Book Review: ‘The Trackers’ by Charles Frazier

A journey through post-Depression America that uncovers hidden histories and untamed desires.

Book Title: The Trackers
Author: Charles Frazier
Publisher: Fourth Estate (HarperCollins)
Number of Pages: 336
ISBN: 978-0008664794
Date Published: Aug. 25, 2023
Price: INR 381

The Trackers by Charles Frazier Book Cover

Book Review

Charles Frazier’s fifth novel, “The Trackers,” is set primarily outside of the American South. There is a brief interlude in Florida, but the first-person narrator, Valentine Welch, a 27-year-old Virginia artist, mainly works in the West. In the story, Val, a narrator, travels to Wyoming from Virginia in 1937 to paint a mural for the Works Progress Administration. He meets wealthy rancher John Long and his wife Eve, who aspire to the U.S. Senate Eve was once a transient and sang in a swing band.
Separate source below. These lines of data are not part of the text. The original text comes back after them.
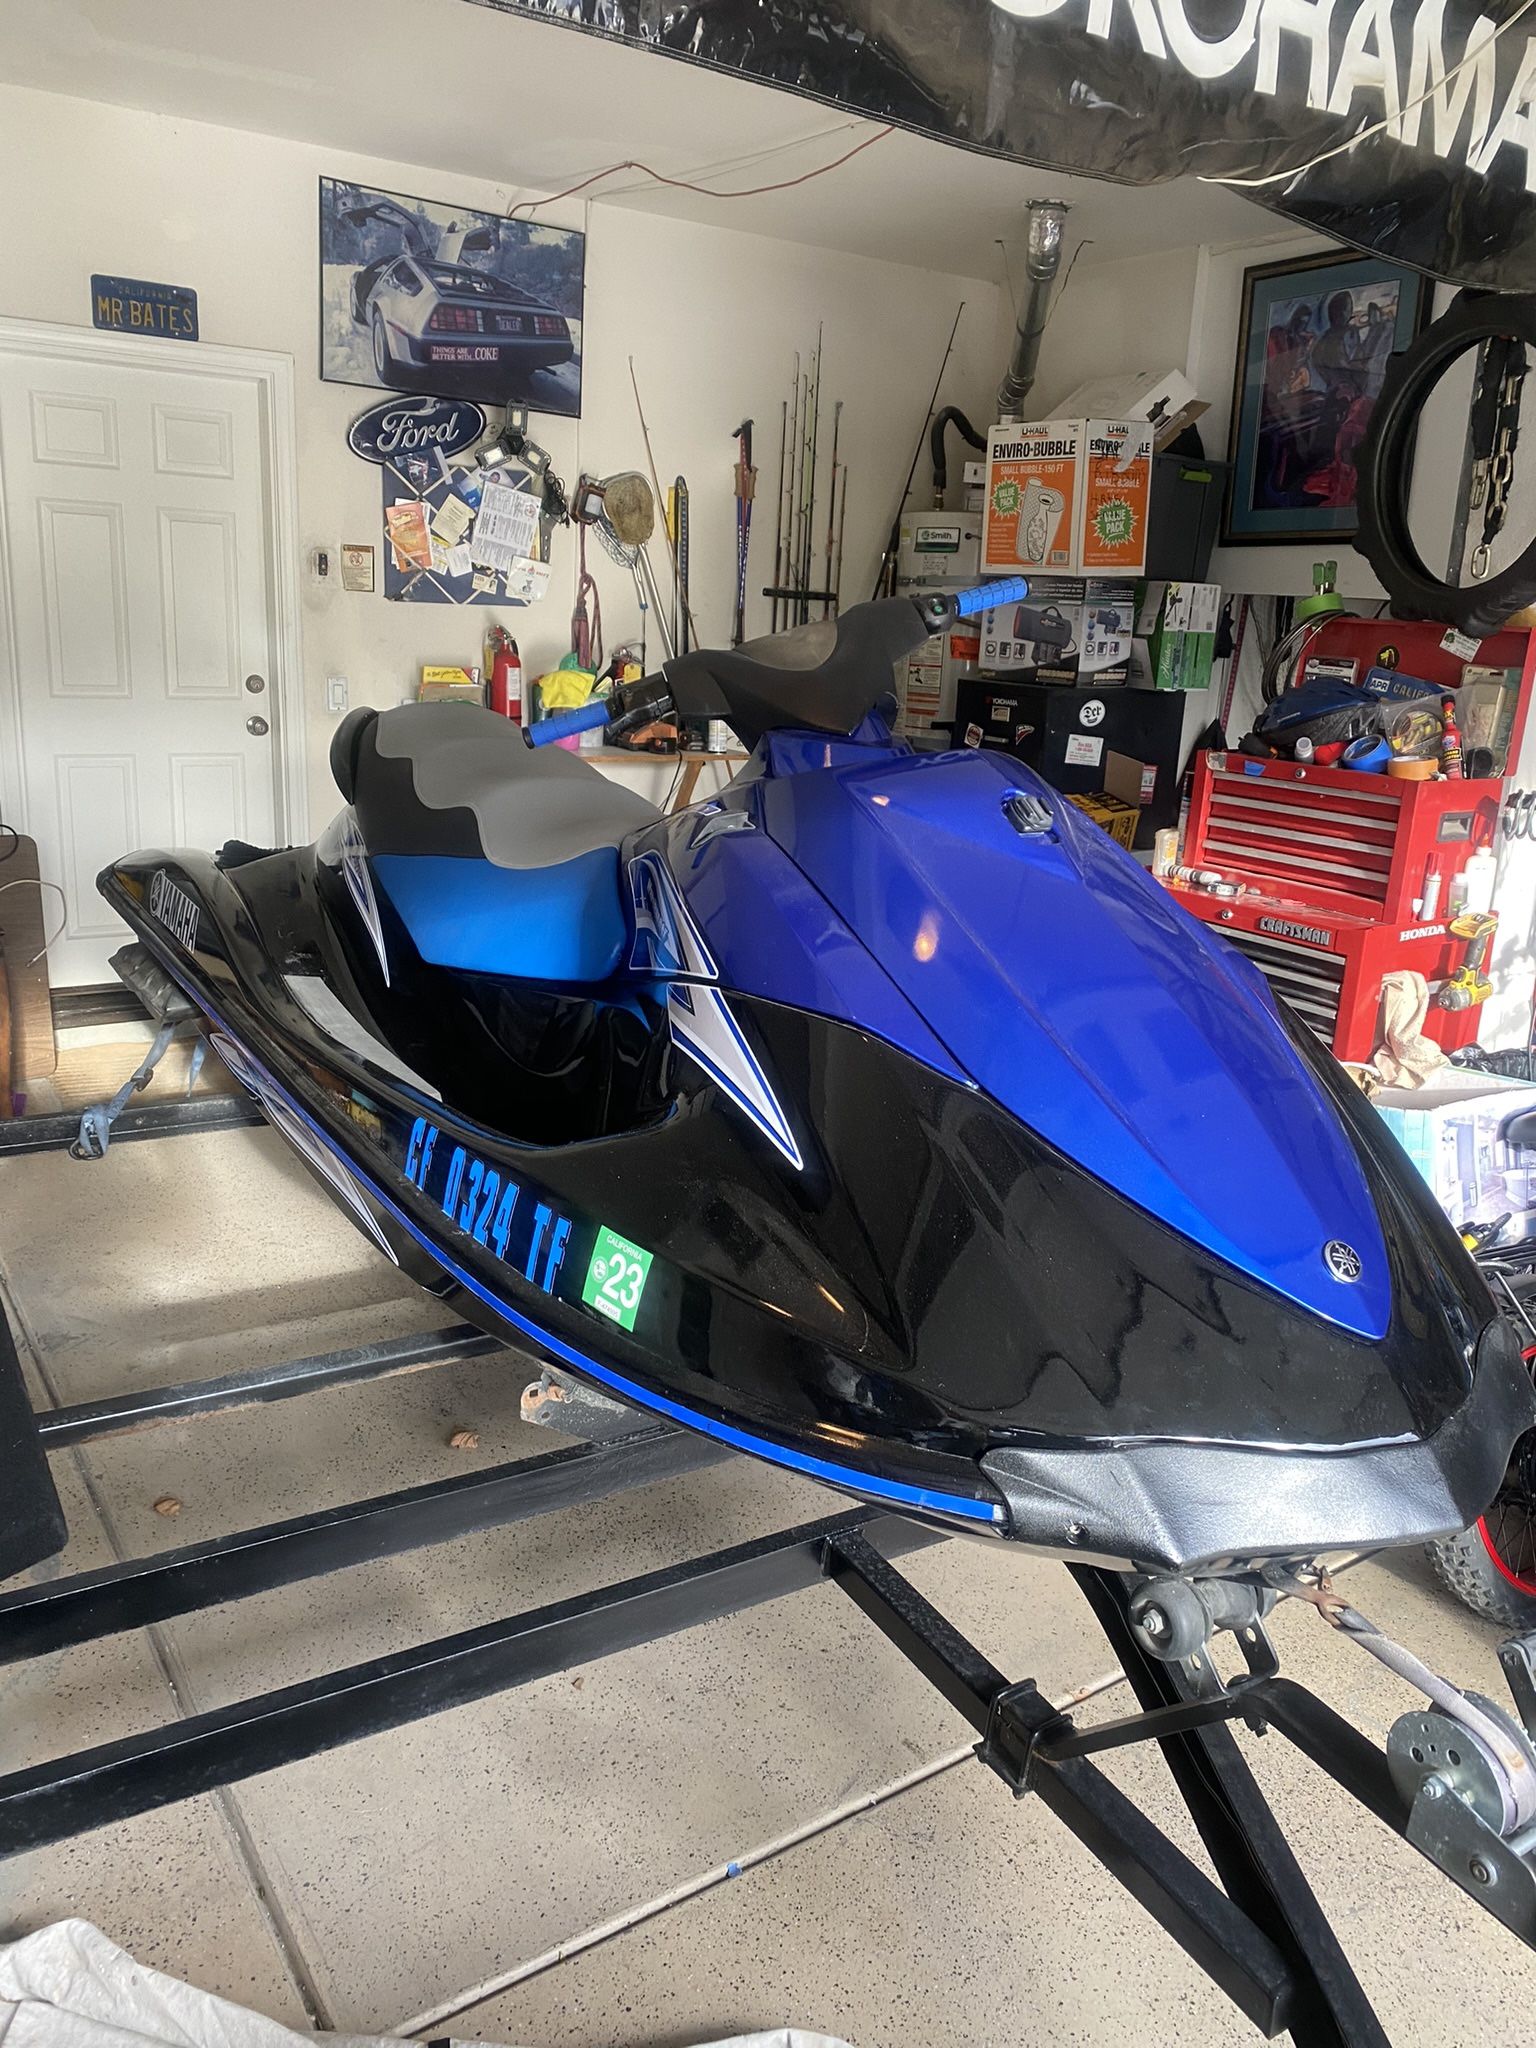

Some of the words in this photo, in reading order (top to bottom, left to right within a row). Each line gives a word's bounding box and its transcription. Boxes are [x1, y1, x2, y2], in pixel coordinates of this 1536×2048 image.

[97, 295, 123, 324] MR
[129, 299, 193, 333] BATES
[475, 347, 498, 360] COKE
[377, 404, 459, 452] Ford
[1022, 426, 1049, 436] U-HAUL
[992, 440, 1076, 459] ENVIRO-BUBBLE
[1000, 465, 1019, 475] SMALL
[931, 531, 952, 540] Smith
[1106, 519, 1125, 534] PACK
[1370, 679, 1388, 691] APR
[156, 871, 200, 954] YAMAHA
[1260, 917, 1331, 946] CRAFTSMAN
[1400, 924, 1447, 942] HONDA
[404, 1116, 440, 1192] CF
[441, 1146, 520, 1261] 0324
[525, 1200, 573, 1295] TF
[606, 1234, 643, 1262] CALIFORNIA
[602, 1252, 643, 1309] 23
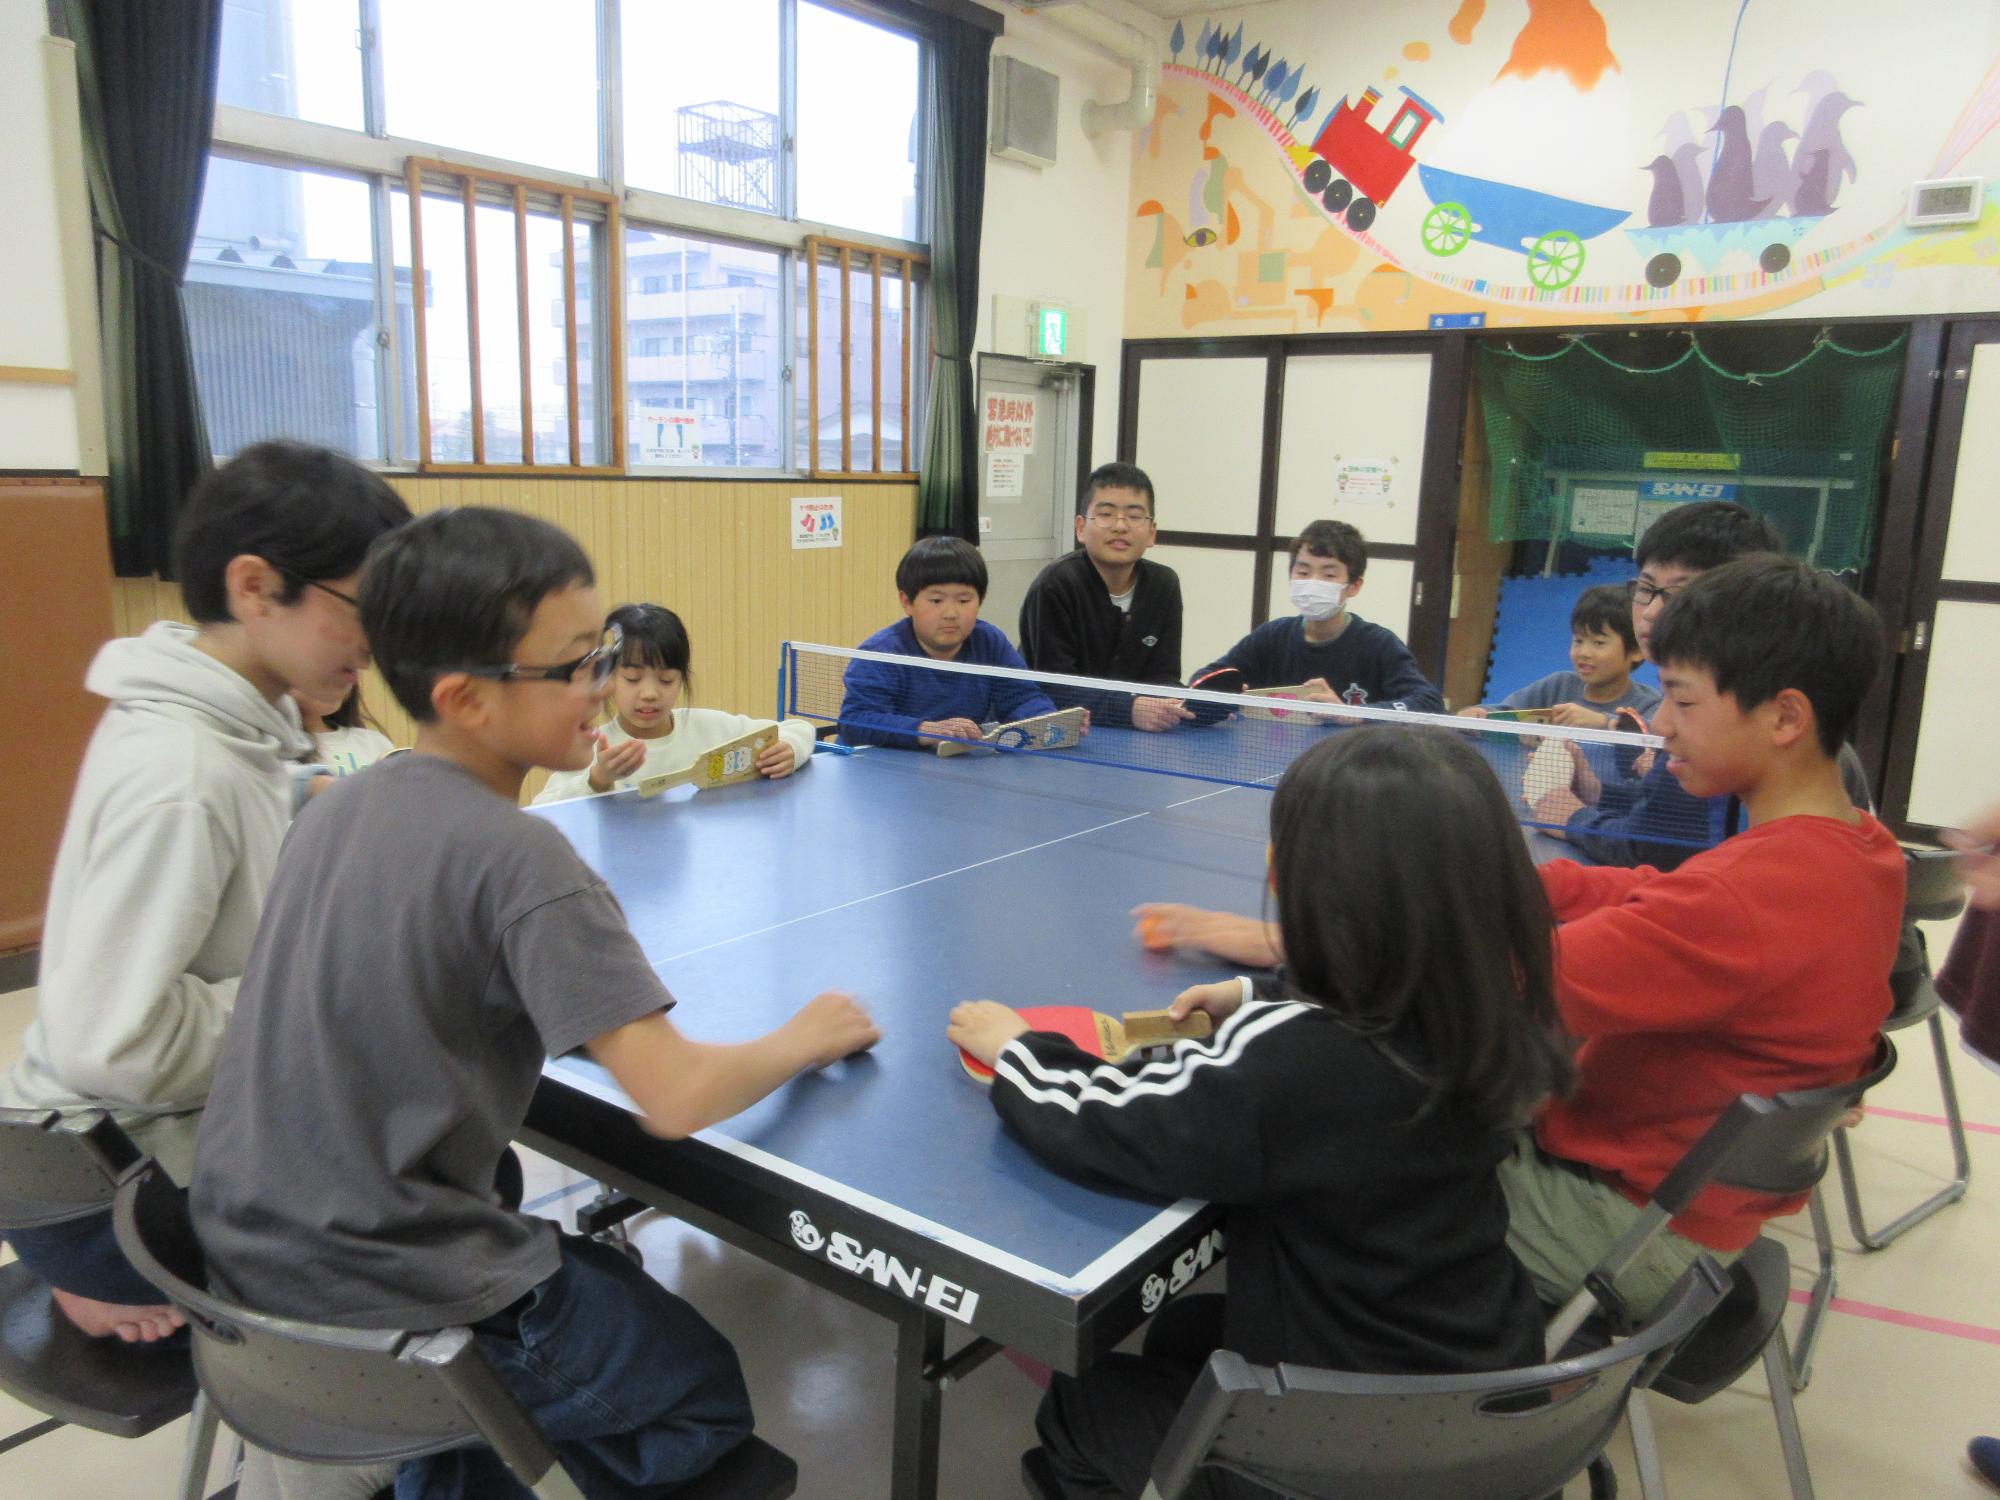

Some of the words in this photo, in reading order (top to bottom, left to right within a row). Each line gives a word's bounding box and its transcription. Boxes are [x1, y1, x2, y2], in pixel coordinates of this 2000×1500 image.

[987, 398, 1034, 422] 緊急時以外
[1652, 482, 1724, 498] SAN-EI
[826, 1231, 980, 1325] SAN-EI
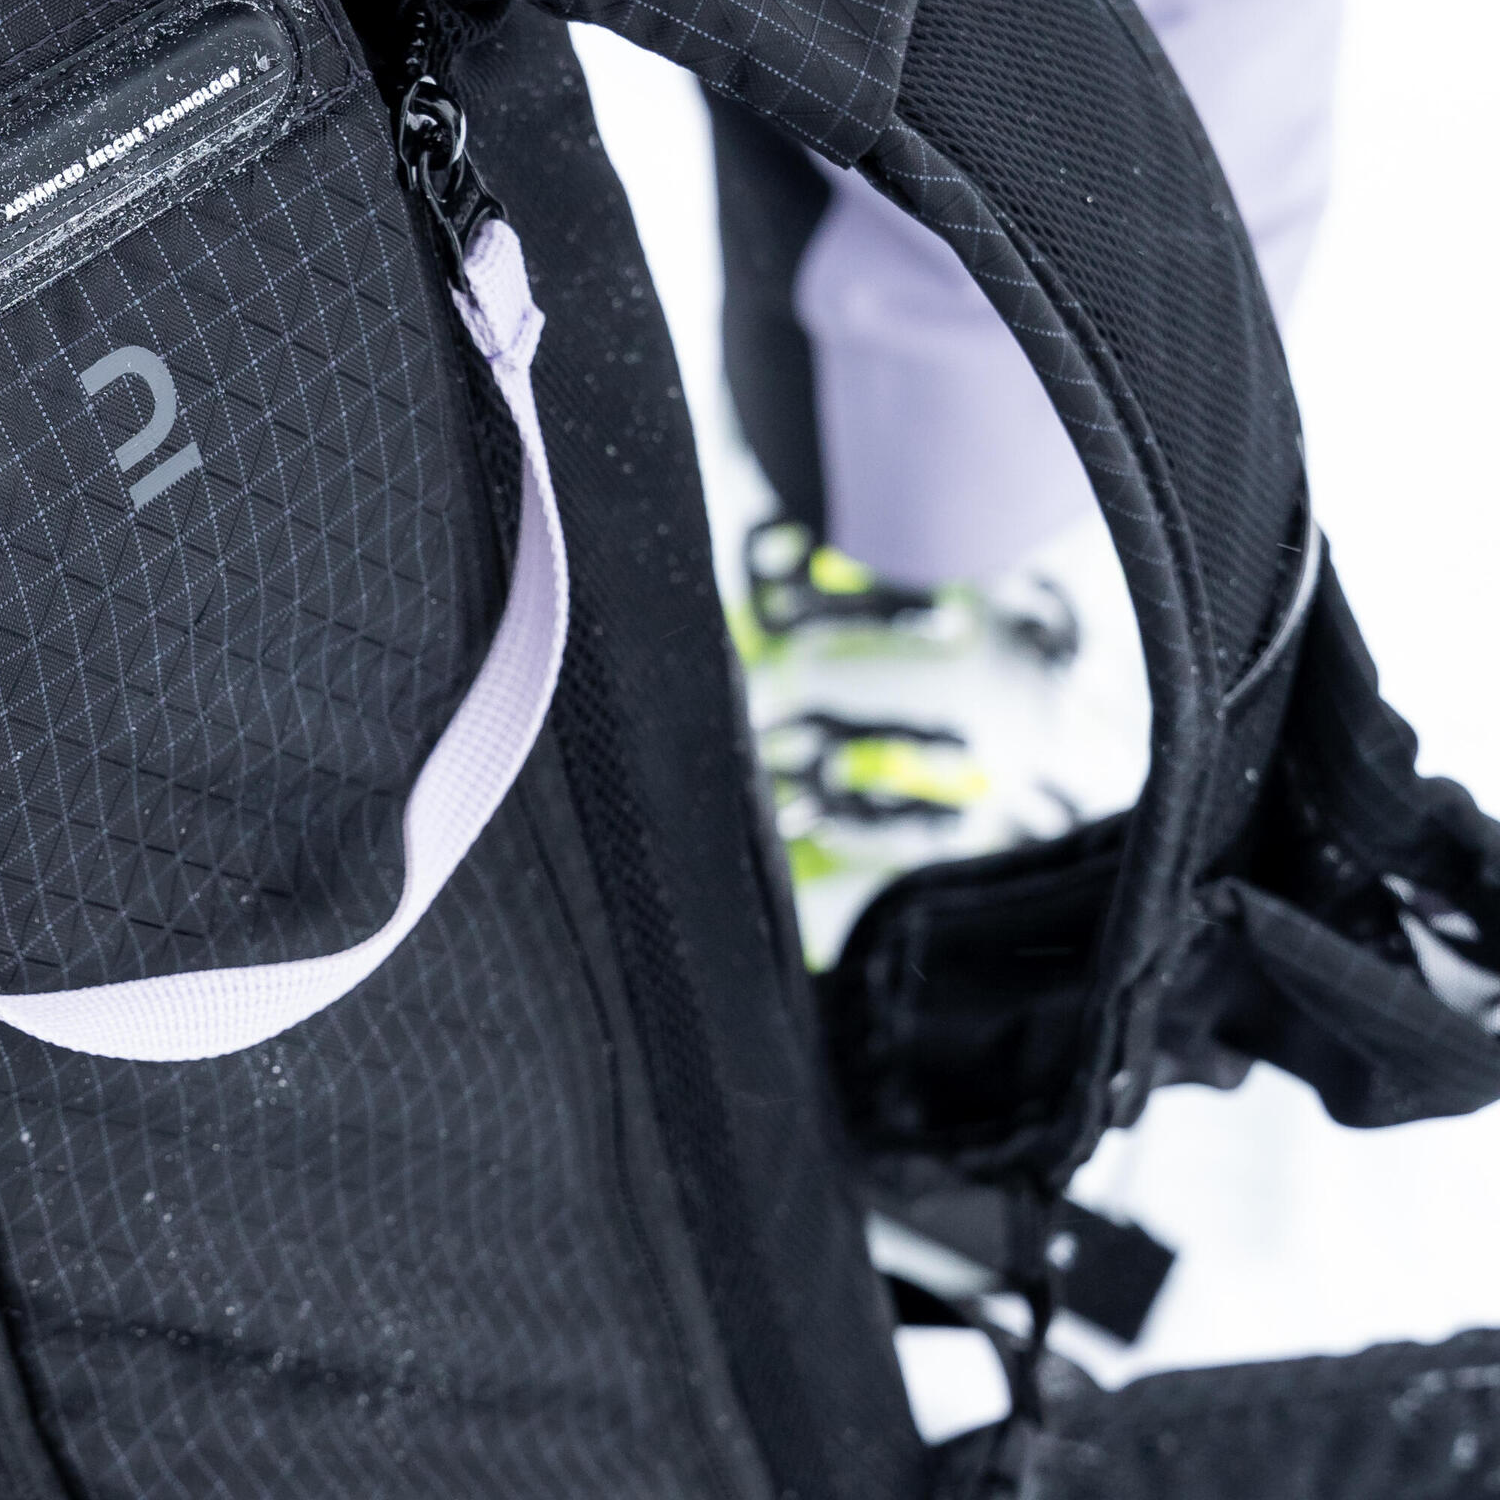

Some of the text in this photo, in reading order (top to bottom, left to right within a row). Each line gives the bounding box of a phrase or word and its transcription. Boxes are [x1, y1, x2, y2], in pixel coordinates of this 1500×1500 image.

[4, 67, 241, 220] ADVANCED RESCUE TECHNOLOGY
As a painter, Val Welch ventures westward to Dawes, Wyoming, where he is assigned a New Deal assignment. Creating a mural for their new Post Office being the assignment, he is surrounded by rumors and intrigue, as his wife Eve, a wealthy art lover, and John Long, a rich art lover, have a WWI sniper background. Val becomes intrigued by their lives and eventually follows Eve’s trail, navigating various locations and encountering secrets that could change their lives. When Eve goes missing, Long enlists Val to find out where she went and why she went missing. As Val crosses the country, looking for Eve and disclosing secrets that would affect everything between the three, the terrain swings from Wyoming to Florida to Seattle to San Francisco.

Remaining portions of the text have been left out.